Fran Jesenko (14 March 1875 – 14 July 1932) was a Slovenian botanist and plant geneticist who became notable for his work on the hybridisation of wheat and rye.

After attending high school in Ljubljana, Jesenko enrolled in the University of Vienna and graduated in 1902. During his studies, he became a tutor to two Oriental princes at Vienna's Teresianum college for boys, later also serving in this capacity for Count Merveldt. His position gave him the opportunity to travel all across Europe and later to Egypt, where he studied desert flora. In 1909, he became a research assistant under Erich von Tschermak at the College of Agriculture (Hochschule für Bodenkultur; now University of Natural Resources and Life Sciences) in Vienna, and a lecturer in 1913.

During his period in Vienna, Jesenko commenced several studies on plant hybridisation under von Tschermak's supervision, obtaining fertile hybrids between different varieties of wheat and rye with the help of backcrossing, and studying their characteristics with reference to Mendelian principles.

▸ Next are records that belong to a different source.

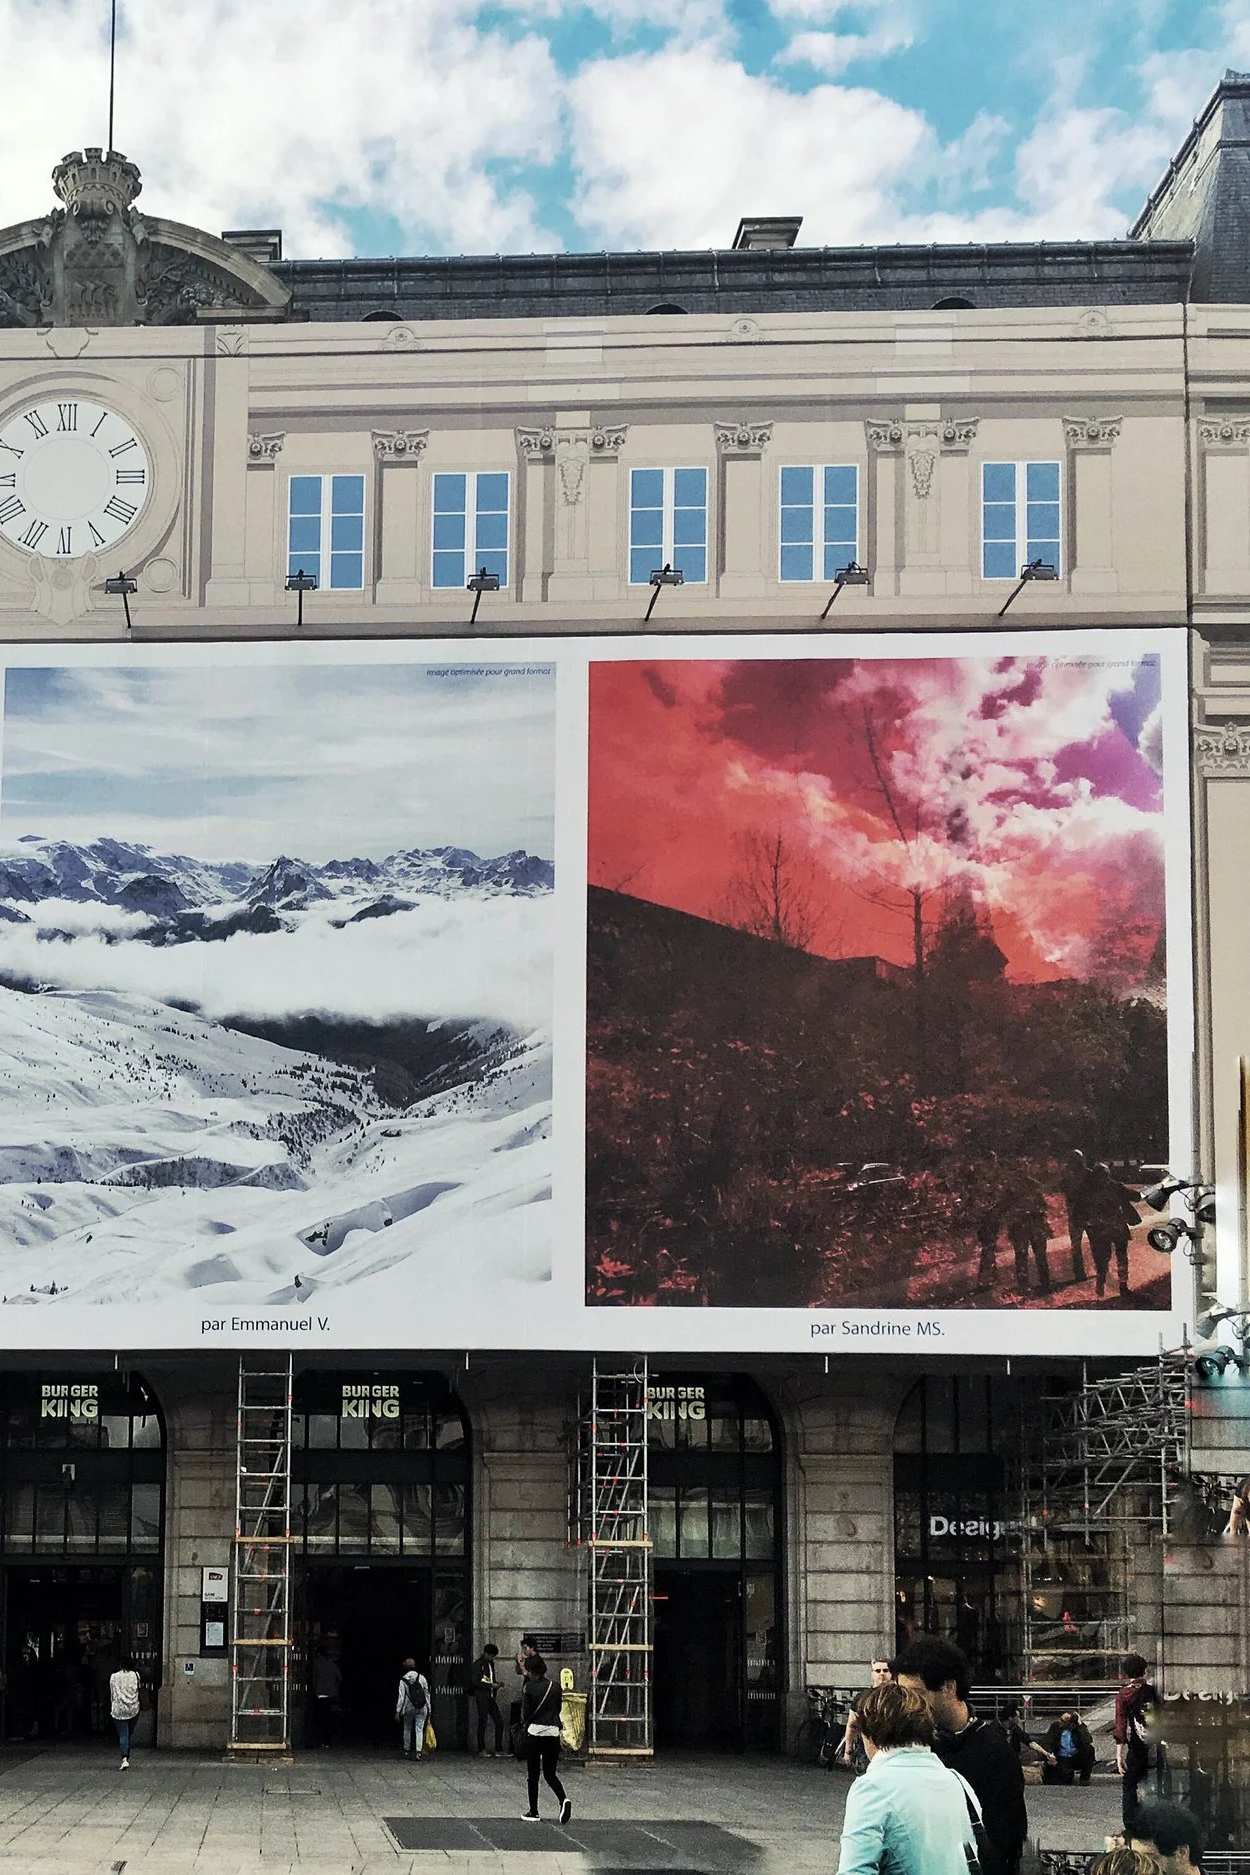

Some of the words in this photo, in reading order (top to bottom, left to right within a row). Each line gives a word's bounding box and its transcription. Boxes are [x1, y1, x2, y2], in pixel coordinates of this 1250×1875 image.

[23, 410, 49, 439] XI
[57, 404, 78, 431] XII
[90, 412, 108, 437] I
[108, 438, 137, 458] II
[116, 469, 145, 485] III
[103, 495, 138, 525] IIII
[87, 520, 106, 547] V
[427, 668, 449, 677] Image
[485, 668, 503, 676] pour
[504, 668, 525, 677] grand
[526, 667, 551, 675] format
[201, 1320, 226, 1334] par
[231, 1316, 312, 1331] Emmanuel
[317, 1317, 330, 1331] V.
[810, 1323, 836, 1338] par
[841, 1320, 911, 1336] Sandrine
[916, 1321, 945, 1336] MS.
[41, 1384, 98, 1397] BURGER
[342, 1385, 400, 1398] BURGER
[647, 1386, 705, 1399] BURGER
[41, 1398, 99, 1418] KING
[341, 1399, 400, 1418] KING
[647, 1401, 706, 1420] KING

He proposed that the reduced fertility of hybrids was a consequence of chromosomal incompatibility, as well as morphological differences. With this, he was one of the pioneers of studies on triticale and intergeneric hybrids in general.

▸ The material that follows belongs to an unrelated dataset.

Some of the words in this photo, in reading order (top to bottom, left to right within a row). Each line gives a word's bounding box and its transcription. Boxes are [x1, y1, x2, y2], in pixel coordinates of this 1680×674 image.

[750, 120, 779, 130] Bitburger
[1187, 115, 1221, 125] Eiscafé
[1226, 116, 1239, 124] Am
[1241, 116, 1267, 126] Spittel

His work was interrupted by World War I, during which Jesenko was sent to the Eastern Front, where he was injured and imprisoned. After the war, he returned to his homeland to become a lecturer at the University of Zagreb (Croatia), and a full professor in 1920. In the meantime, he worked on setting up a botanical institute in Ljubljana and in 1921 became the first professor of botany at the recently established University of Ljubljana. He also continued his studies on plant hybrids and helped found a research station in Beltinci.

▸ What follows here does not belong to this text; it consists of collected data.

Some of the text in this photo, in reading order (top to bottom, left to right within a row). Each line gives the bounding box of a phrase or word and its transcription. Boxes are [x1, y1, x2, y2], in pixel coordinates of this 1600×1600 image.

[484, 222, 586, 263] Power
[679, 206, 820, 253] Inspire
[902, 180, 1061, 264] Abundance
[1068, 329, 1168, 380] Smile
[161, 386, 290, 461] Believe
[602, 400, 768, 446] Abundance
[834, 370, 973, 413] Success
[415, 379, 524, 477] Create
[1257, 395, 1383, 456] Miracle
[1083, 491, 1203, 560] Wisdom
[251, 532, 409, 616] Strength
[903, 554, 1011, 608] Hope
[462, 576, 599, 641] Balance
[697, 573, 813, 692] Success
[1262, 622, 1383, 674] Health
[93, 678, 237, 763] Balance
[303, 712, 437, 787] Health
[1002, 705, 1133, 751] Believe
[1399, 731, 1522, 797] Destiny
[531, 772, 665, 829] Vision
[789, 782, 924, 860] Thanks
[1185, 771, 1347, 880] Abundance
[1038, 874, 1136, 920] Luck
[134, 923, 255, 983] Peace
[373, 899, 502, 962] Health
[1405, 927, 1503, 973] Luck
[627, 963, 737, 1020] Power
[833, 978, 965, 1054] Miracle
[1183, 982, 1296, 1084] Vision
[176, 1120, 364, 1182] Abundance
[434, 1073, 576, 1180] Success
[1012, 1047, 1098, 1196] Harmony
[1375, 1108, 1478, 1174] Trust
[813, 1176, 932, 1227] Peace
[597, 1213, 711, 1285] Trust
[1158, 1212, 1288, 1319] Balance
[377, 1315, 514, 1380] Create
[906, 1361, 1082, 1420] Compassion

In addition to plant genetics, Jesenko was notable as one of the proponents of Triglav National Park, the only national park in Slovenia today and one of the earliest in Europe. In 1924, the Alpine Conservation Park was founded, and Jesenko demarcated part of its borders with his students. He used to spend summers there, studying alpine flora with students and contributing to the area's permanent legal protection, which was only secured in 1981, long after Jesenko's death. He died in the summer of 1932 after a mountaineering accident on the Komarča rock face while doing his studies there. With a broken back, he was transferred to a hospital in Ljubljana, where he died on 14 July.

The award given by the Biotechnical Faculty since 1972 is named in his honor (Jesenkovo priznanje), as are a street in Ljubljana and the 3 km Jesenko Trail on Rožnik Hill.